Icono del sitio V Certamen de Narrativa

16- El hidalgo, la estancia y la nevera. Por UnoA

 Desde el sillón frailero, desplomado y alicaído, sobre la acariciada mesa,  el noble caballero castellano depositaba sueños y pareceres sobre el blando papel. La  pluma, lírica y fúnebre, derrama lágrimas de tinta negra, emborronando de vez en cuando el blanco lecho.  Palabras como tumbas. Frases como cementerios. Hileras de poderoso luto, lloradas y sentidas.

     Críptico, inmodesto, altivo, egregio, noble, gallardo y solemne. Un ebrio candil trémulo, de alma brillante,  acompaña el canto silente de nuestro héroe. De fondo, el incansable trino de los grillos caniculares. ¿Qué escribe este hombre apasionado? ¿Qué destila la exaltada voz de su alma?

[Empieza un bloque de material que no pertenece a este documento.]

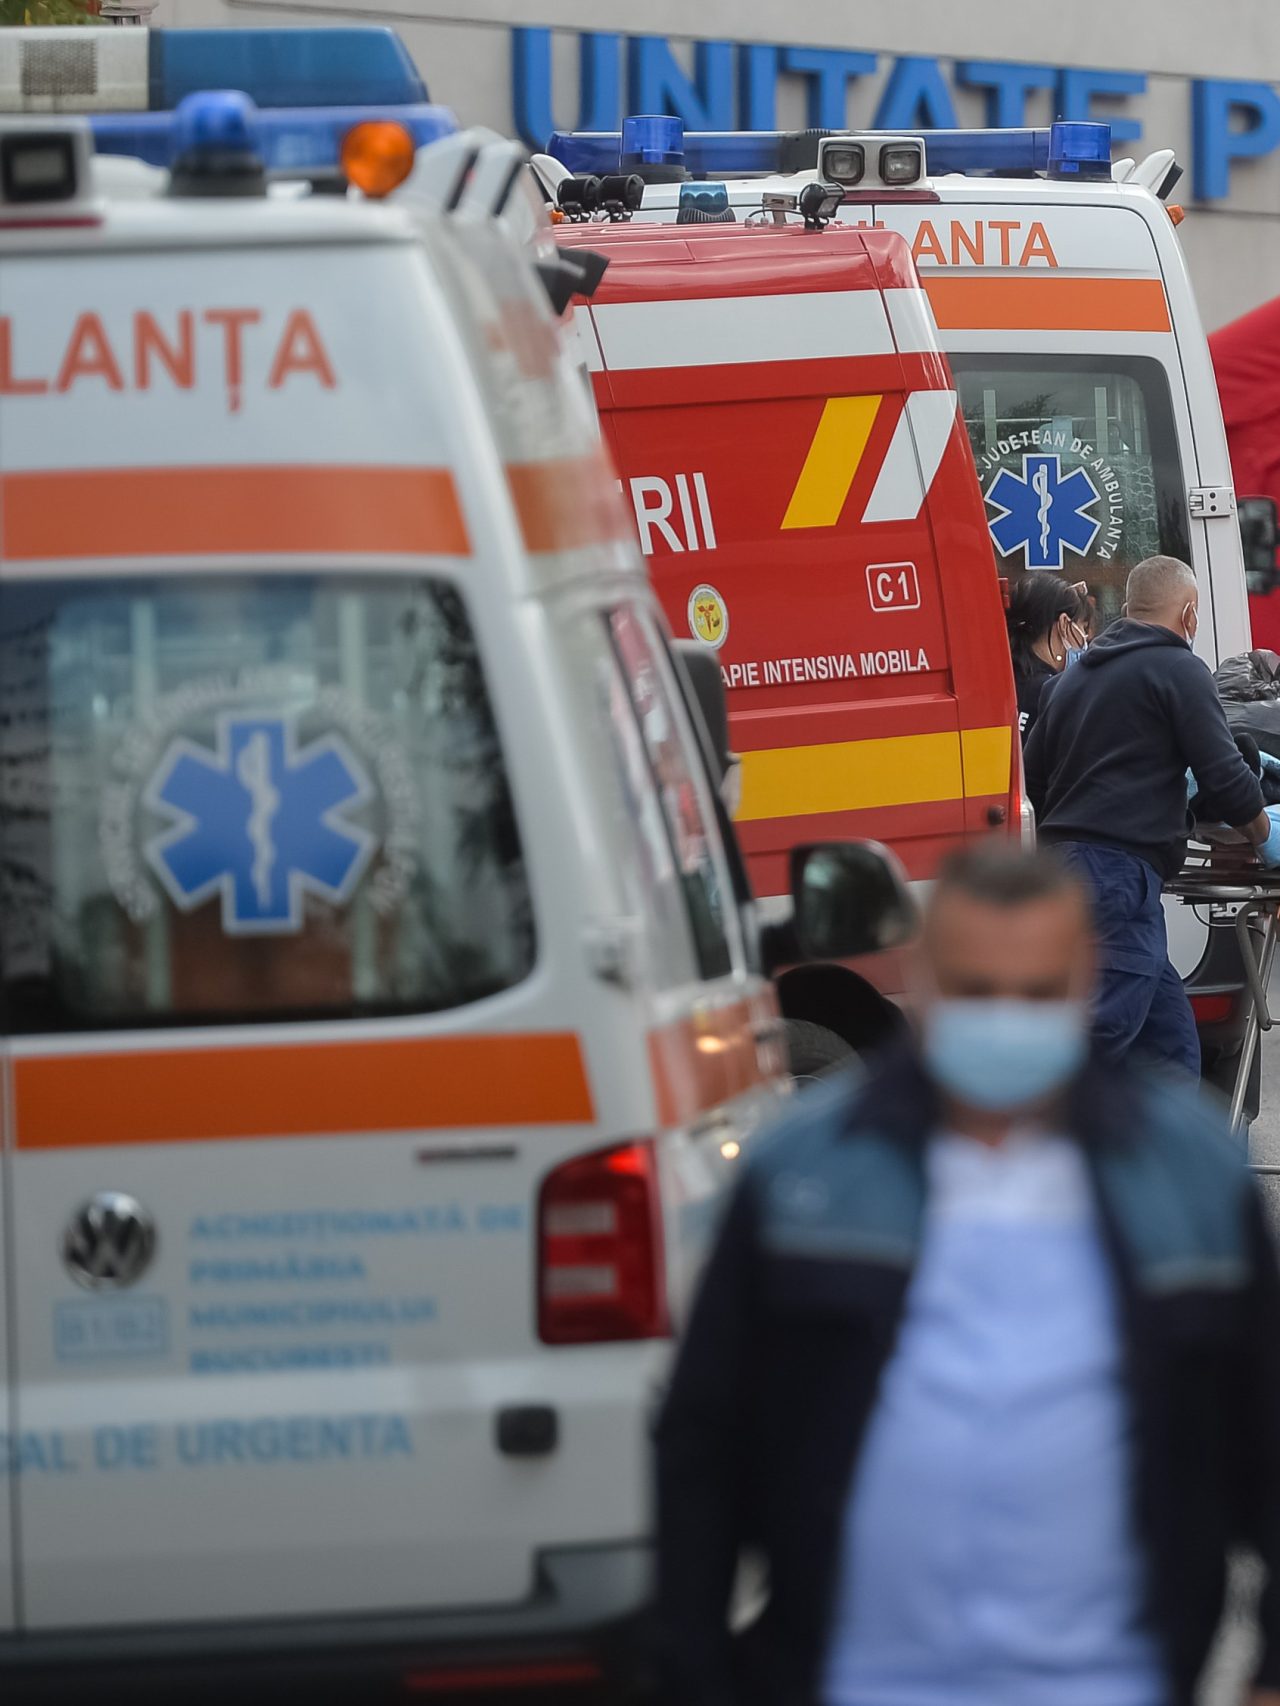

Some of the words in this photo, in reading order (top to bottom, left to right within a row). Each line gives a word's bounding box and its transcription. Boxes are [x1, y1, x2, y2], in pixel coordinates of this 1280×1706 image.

        Palabras como tumbas donde yacen los significados más puros. Herencia viva de siglos encerrada bajo la losa imperturbable de las letras.  Quiere nuestro caballero llegar a su fondo más húmedo y sombrío y acariciar sus huesos, si aún quedan, y sentir su palpitante calavera, para poder describir fielmente el terrible dolor que le acompaña, sin que medie la posibilidad de la interpretación torticera de algún zangolotino presuntuoso. Quiere nuestro amigo dejar sellada su voluntad última.

     Es nuestro caballero amigo de las letras, como ya se ve venir. De vez en cuando, pensativo, acaricia el lomo de cabrito de un vetusto incunable, obsequio del abad de un convento o más bien una expropiación forzosa, pues tan amante de los libros era, que casi se lo arrancó al venerable de las manos cuando éste tuvo a bien enseñárselo. “Incunabula”…pensó el caballero, siempre obsesionado por la substancia de la palabra…pañales…en la cuna. ¿No es hermosa? Le gustó tanto la voz, que se quedó con el libro.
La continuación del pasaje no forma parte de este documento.